[Phrase grounding data]

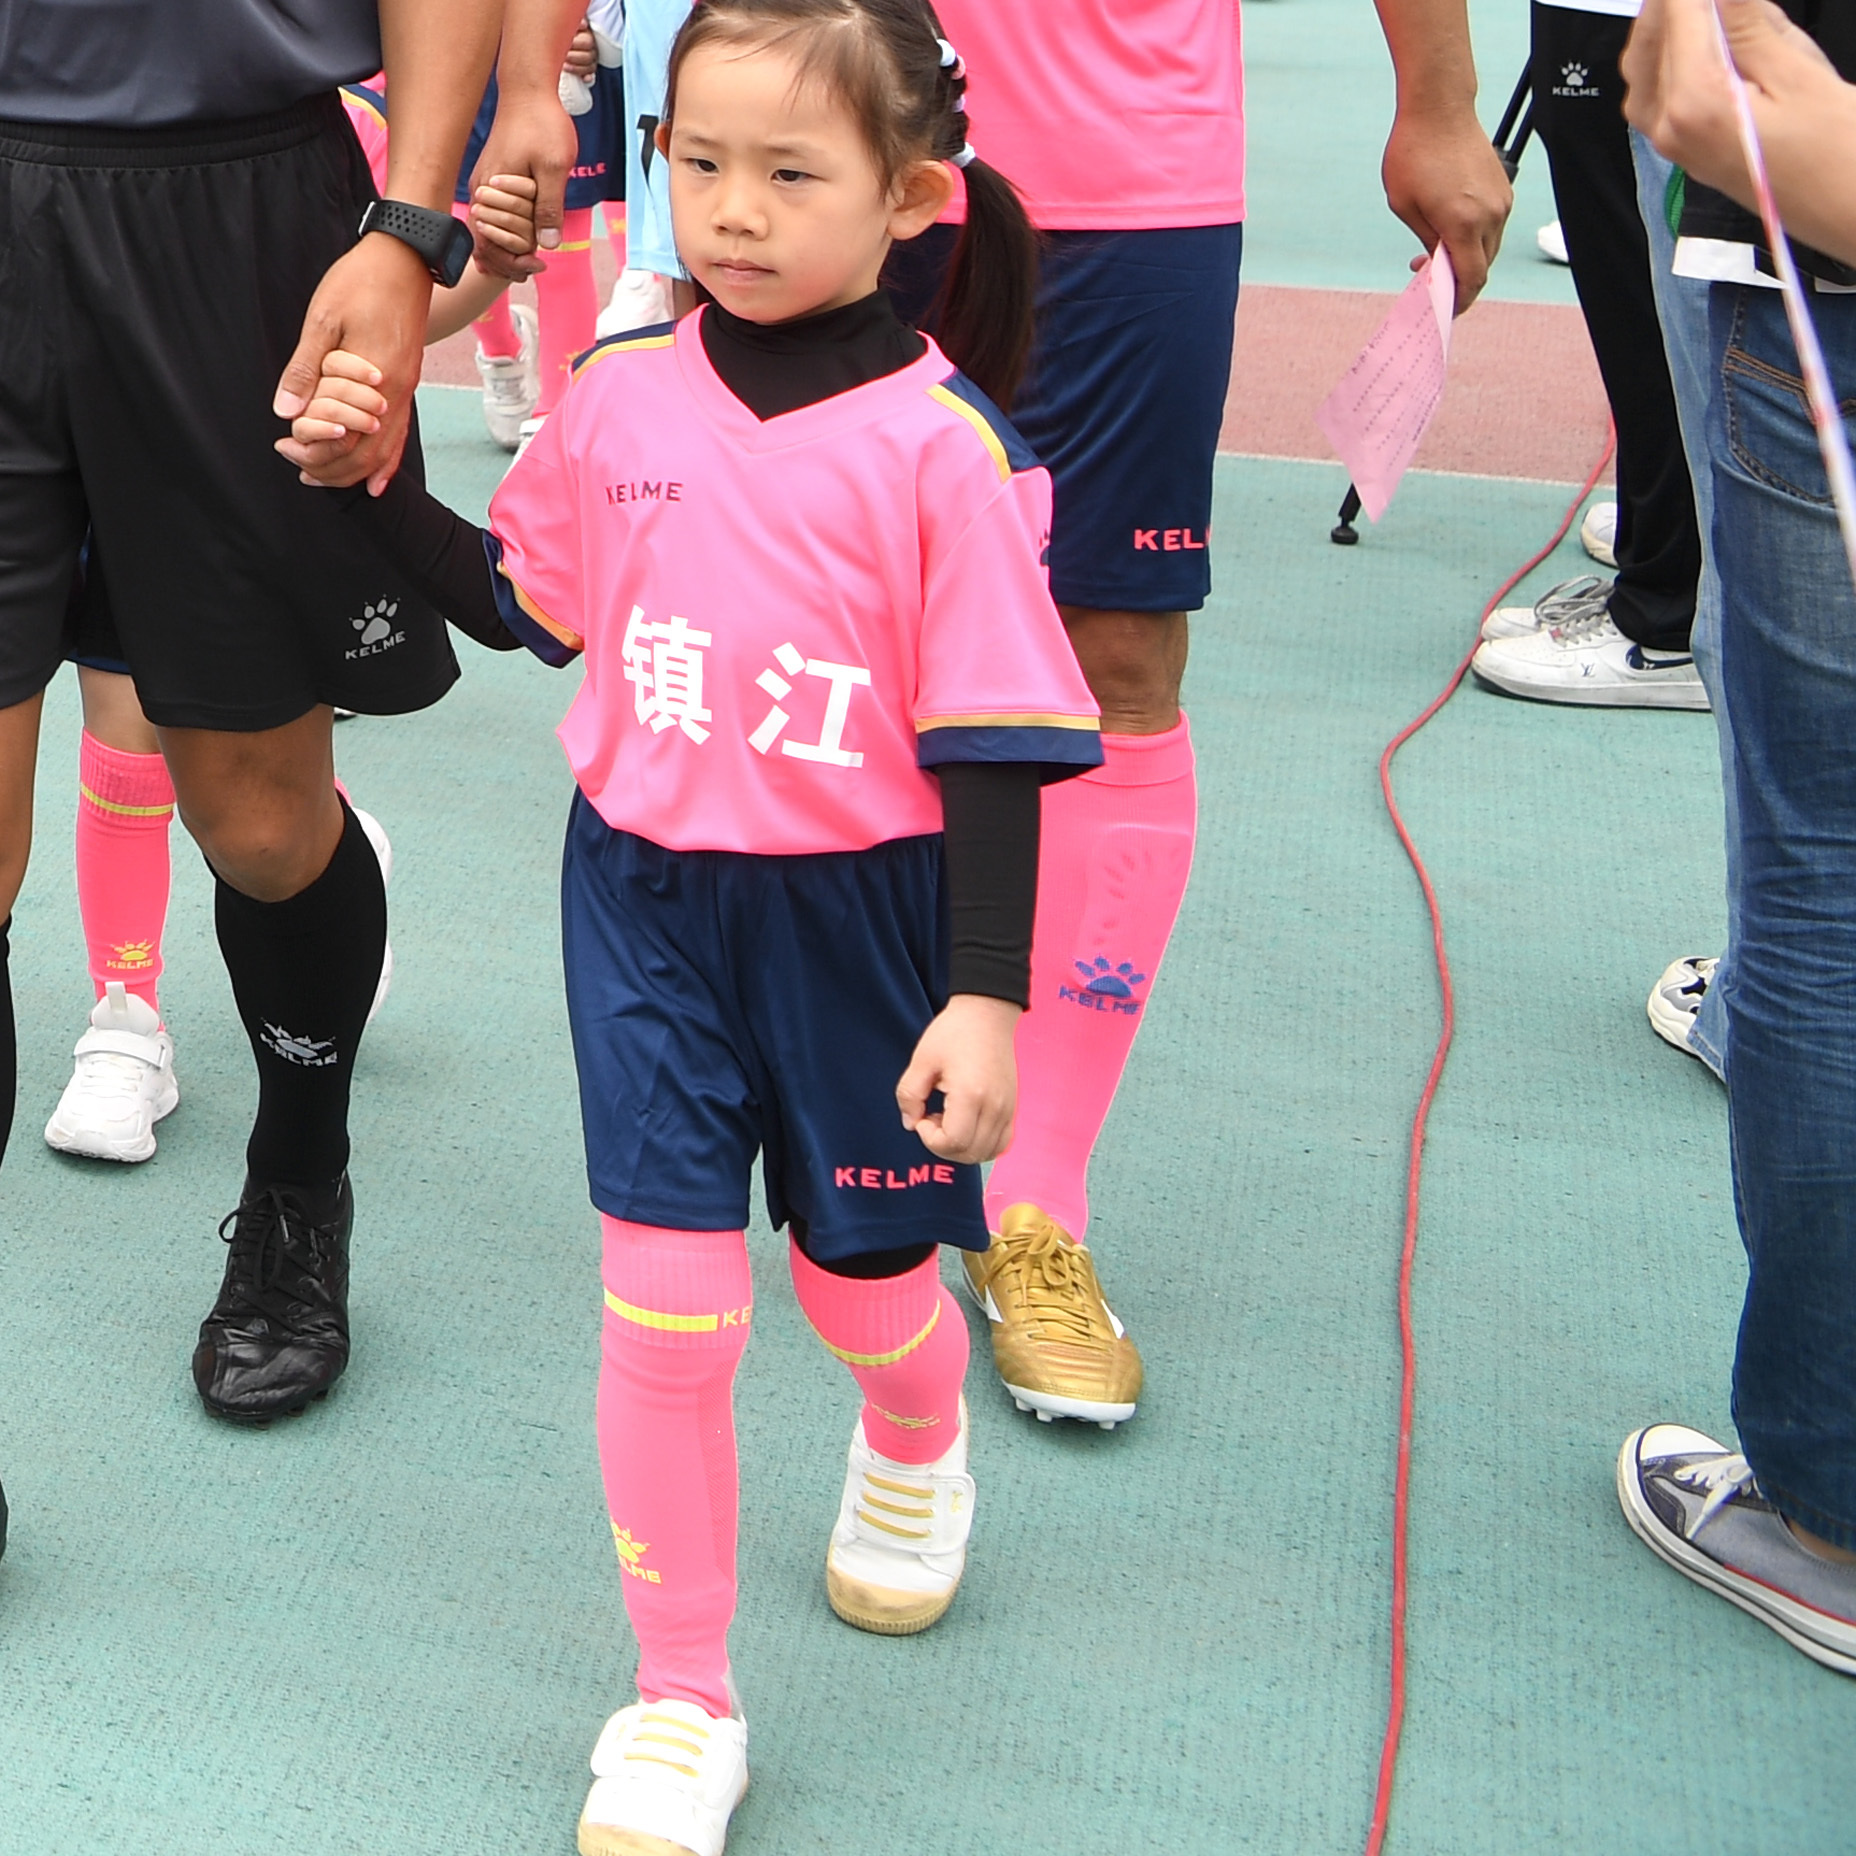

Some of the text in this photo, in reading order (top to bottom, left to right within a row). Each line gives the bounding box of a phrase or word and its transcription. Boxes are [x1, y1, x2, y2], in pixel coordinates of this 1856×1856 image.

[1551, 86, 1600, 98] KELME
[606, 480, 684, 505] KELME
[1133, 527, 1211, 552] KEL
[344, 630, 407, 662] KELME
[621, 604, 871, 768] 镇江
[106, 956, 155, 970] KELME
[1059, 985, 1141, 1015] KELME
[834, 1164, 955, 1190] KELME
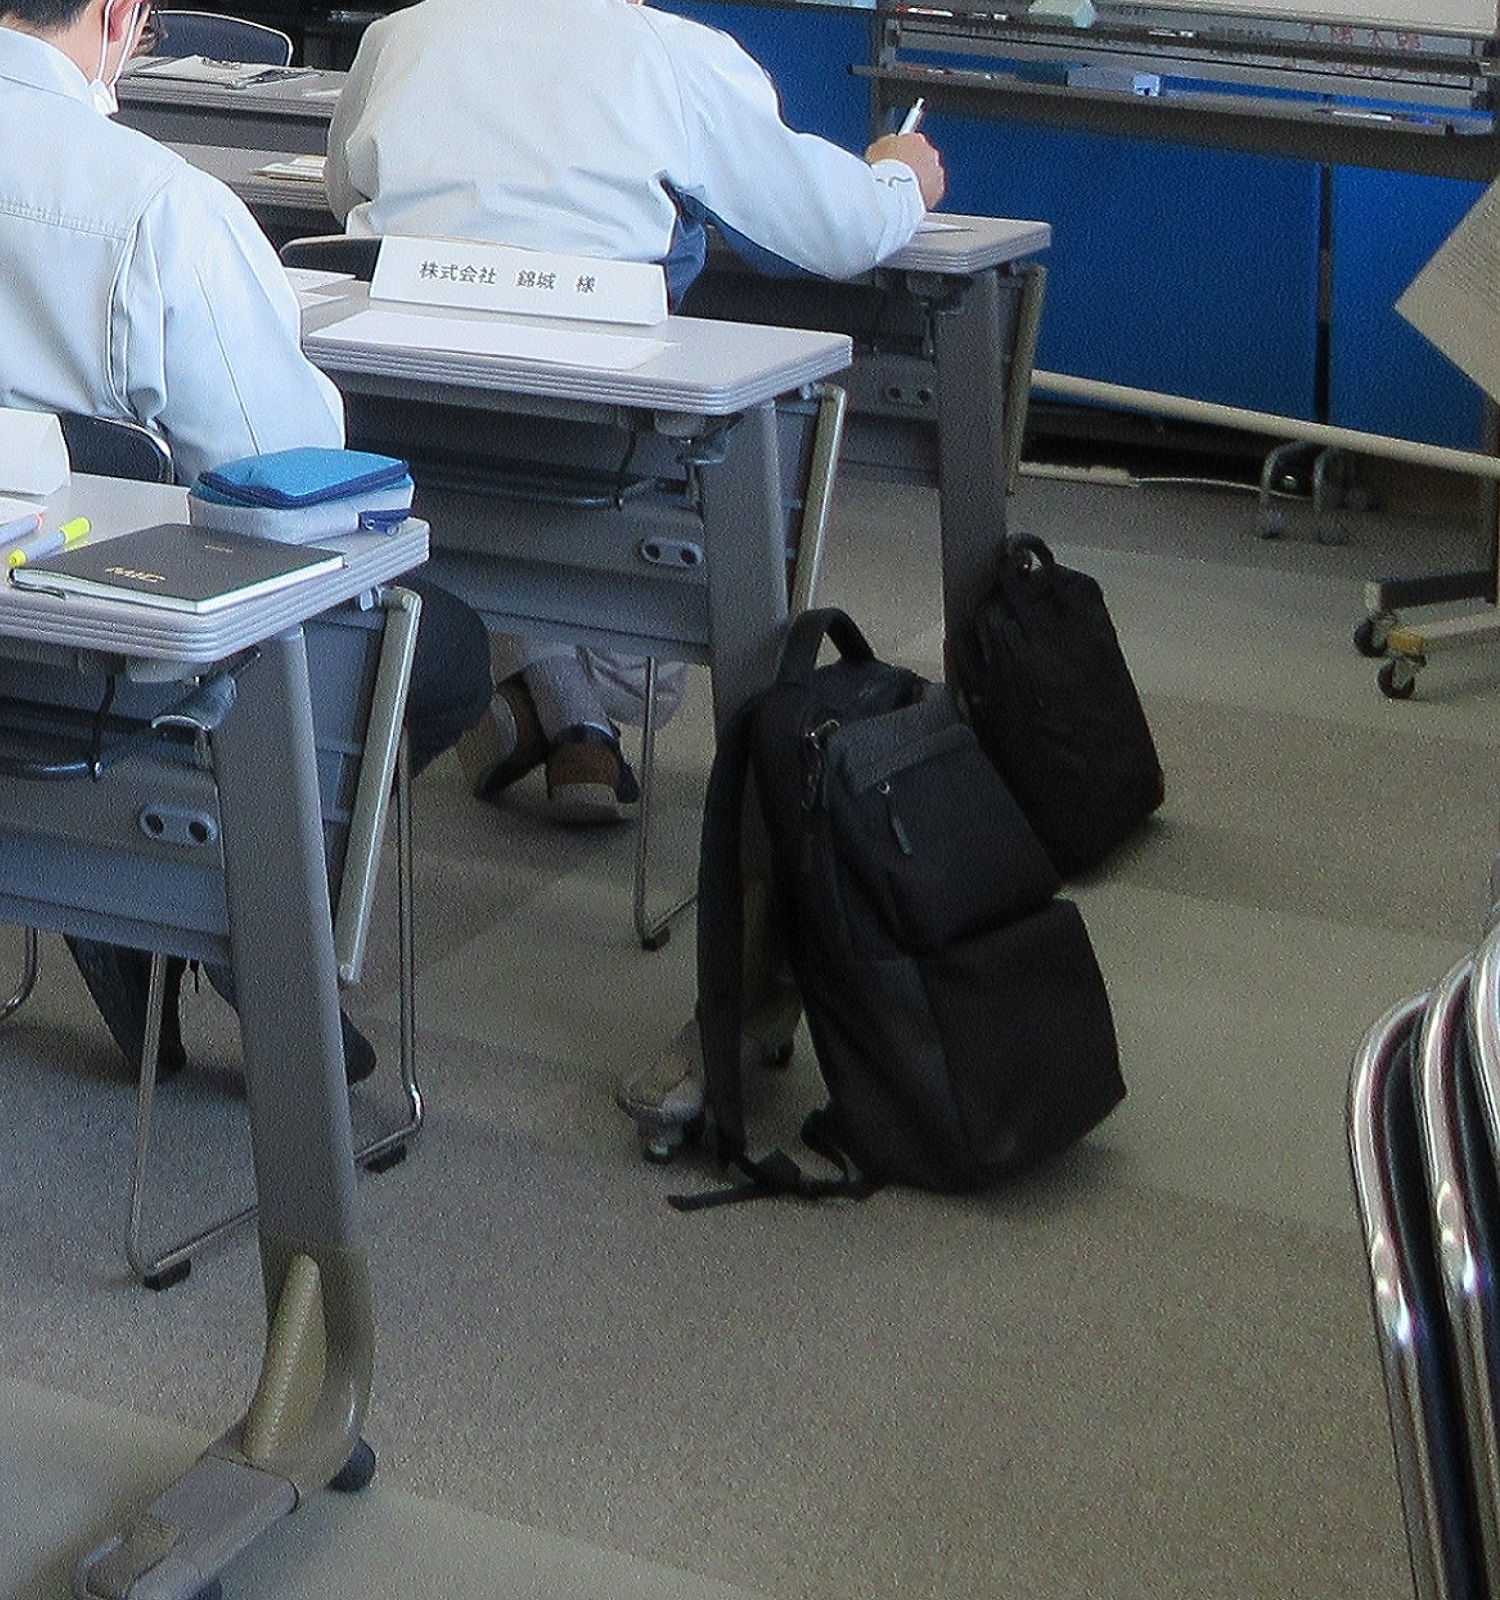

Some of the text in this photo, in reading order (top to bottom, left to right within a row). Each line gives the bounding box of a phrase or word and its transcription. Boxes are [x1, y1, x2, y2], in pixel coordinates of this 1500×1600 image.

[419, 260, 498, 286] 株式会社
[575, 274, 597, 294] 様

# [Task to complete]
Every line from the one with "this 1500×1600 image." through the last line of the records above should be returned exactly, please, and no others.

# [Result for this exercise]
Some of the text in this photo, in reading order (top to bottom, left to right within a row). Each line gives the bounding box of a phrase or word and its transcription. Boxes are [x1, y1, x2, y2], in pixel coordinates of this 1500×1600 image.

[419, 260, 498, 286] 株式会社
[575, 274, 597, 294] 様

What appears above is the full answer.